1922: el año I de Ulises
La
historia de la literatura se puede dividir entre antes y después de la
publicación de Ulises. Alabada por unos, menospreciada por otros y perseguida
por obscenidad, la novela de Joyce marcó un punto de quiebre en las letras del
siglo XX.
Es probable que
nunca antes artistas e intelectuales hayan estado tan conscientes de estar
empezando una nueva época como en aquel 1922 que hoy conmemoramos.
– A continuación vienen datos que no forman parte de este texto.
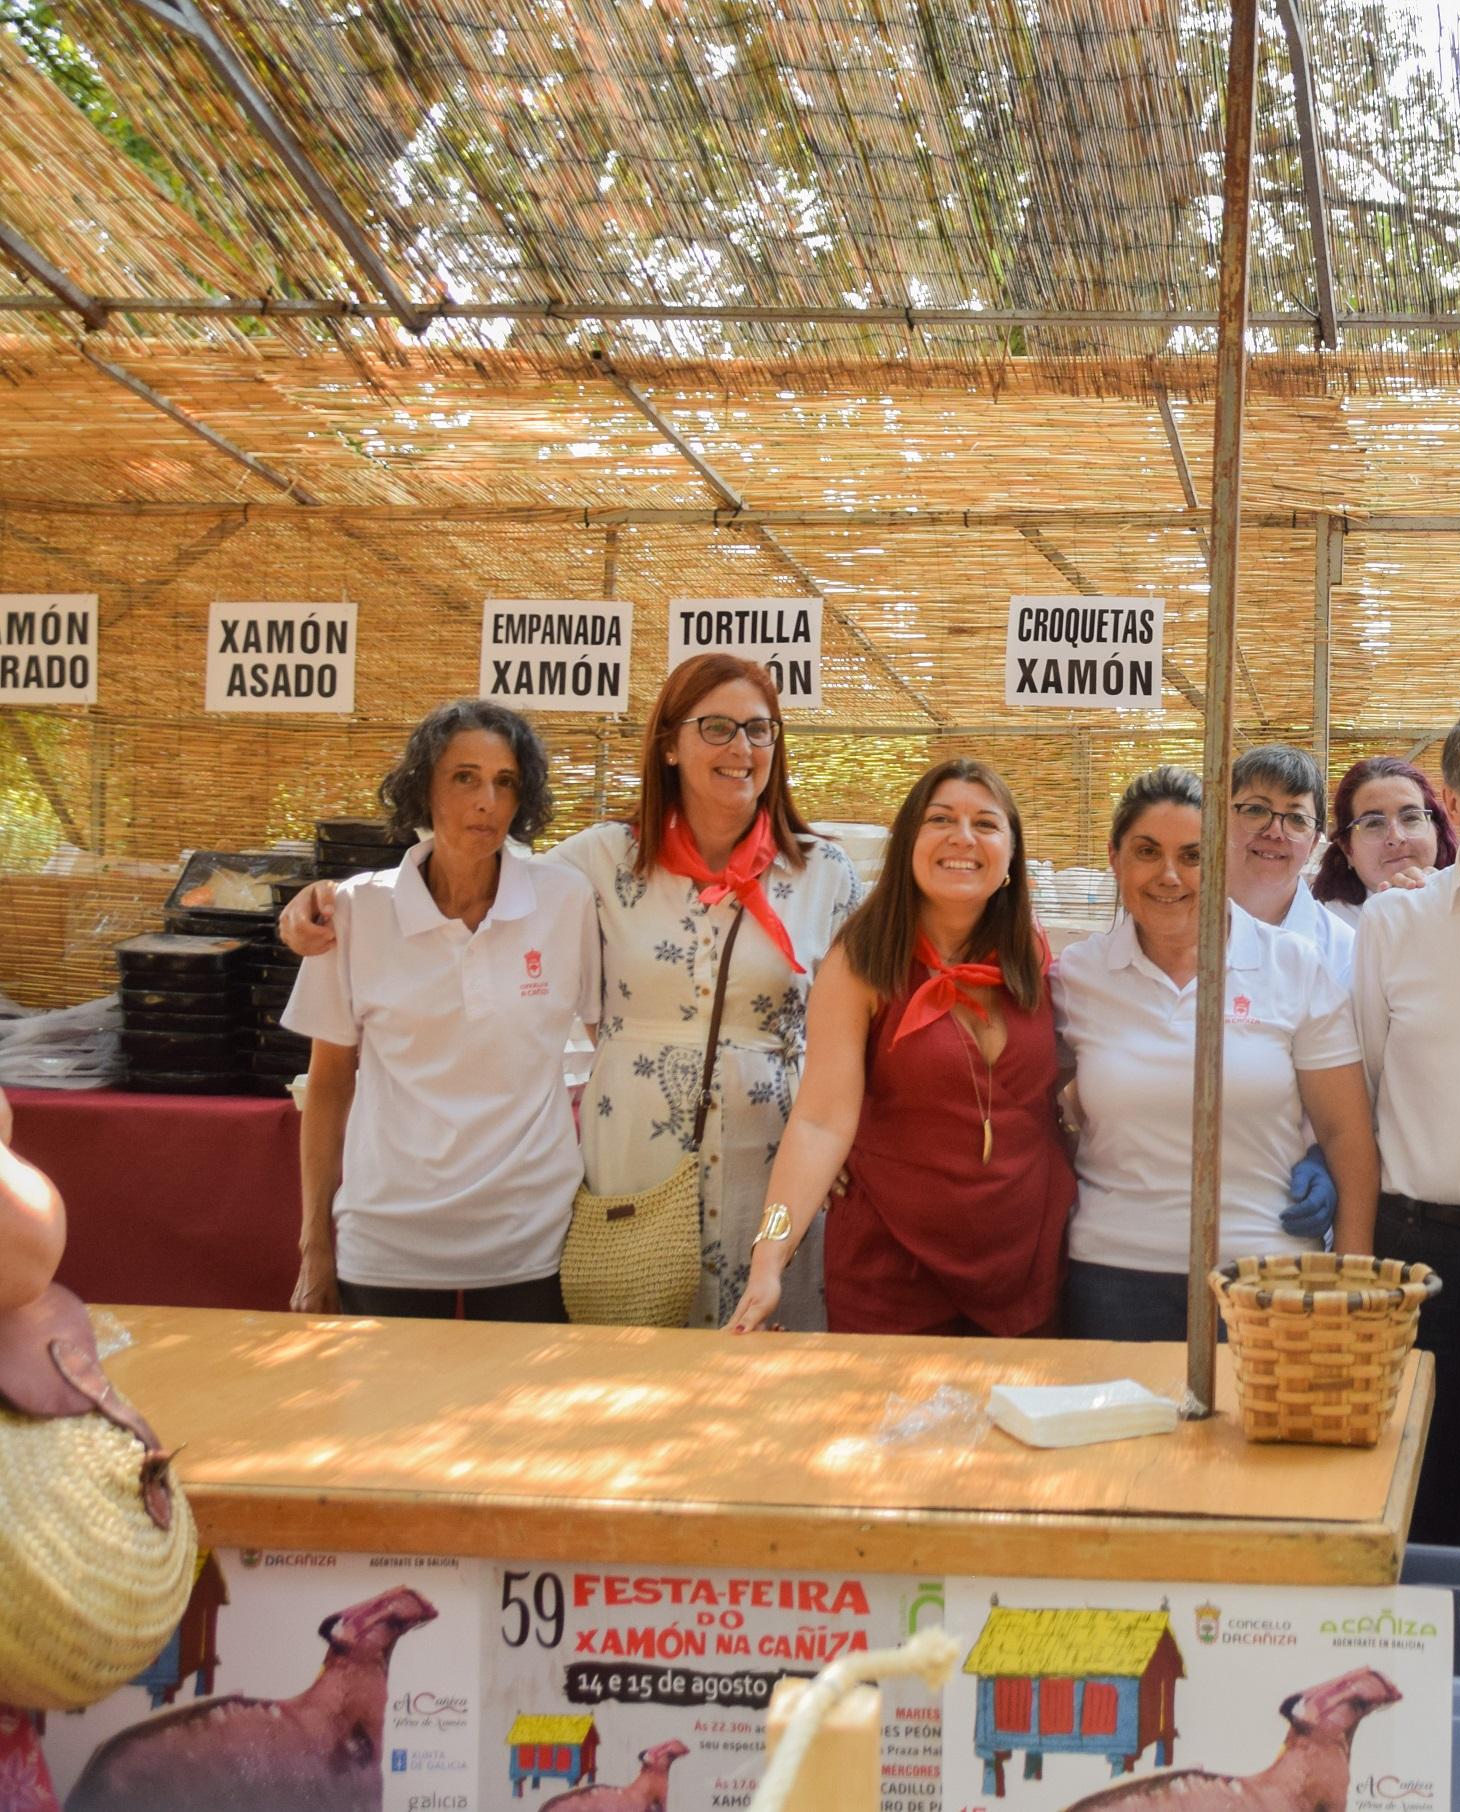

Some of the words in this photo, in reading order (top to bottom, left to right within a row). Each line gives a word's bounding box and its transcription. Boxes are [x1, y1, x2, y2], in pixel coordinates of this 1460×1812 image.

Lo había
predicho, famosamente, Virginia Woolf en “Character in fiction” (1924),
reflexión sobre la nueva novela donde afirmó, de manera a la vez vaga y
rotunda, que “alrededor de diciembre de 1910 el carácter humano cambió”, según
nos lo recuerda Kevin Jackson en Constellation of
genius. 1922: Modernism year one
Pero fue
Ezra Pound quien se le había adelantado, en su también conocida y celebrada
carta al crítico H. L. Mencken del 22 de marzo de 1922: “La era cristiana
terminó en la medianoche de octubre 29-30 del año pasado. Ahora usted está en
el año I p. s. U [post scriptum Ulises], si eso le sirve de consuelo.”
El atrabiliario
Mencken, cuyo nietzscheanismo, en su día provocador, empezaba a pasar de moda,
con seguridad gruñó. Finalmente, en Not under forty (1936),
Willa Cather lo dirá de modo más llano: “El mundo se partió en dos en 1922.”
Tanto en la
cronología comentada de Jackson (muy informativa) como en el ensayo The world broke in
two. Virginia Woolf, T. S. Eliot, D. H. Lawrence, E. M. Forster, and the year
that changed literature, de Bill Goldstein (más nutritivo), entre
los numerosos libros que han aparecido en torno a 1922, el reparto
“modernista”, para decirlo con el concepto anglosajón, es más o menos el mismo.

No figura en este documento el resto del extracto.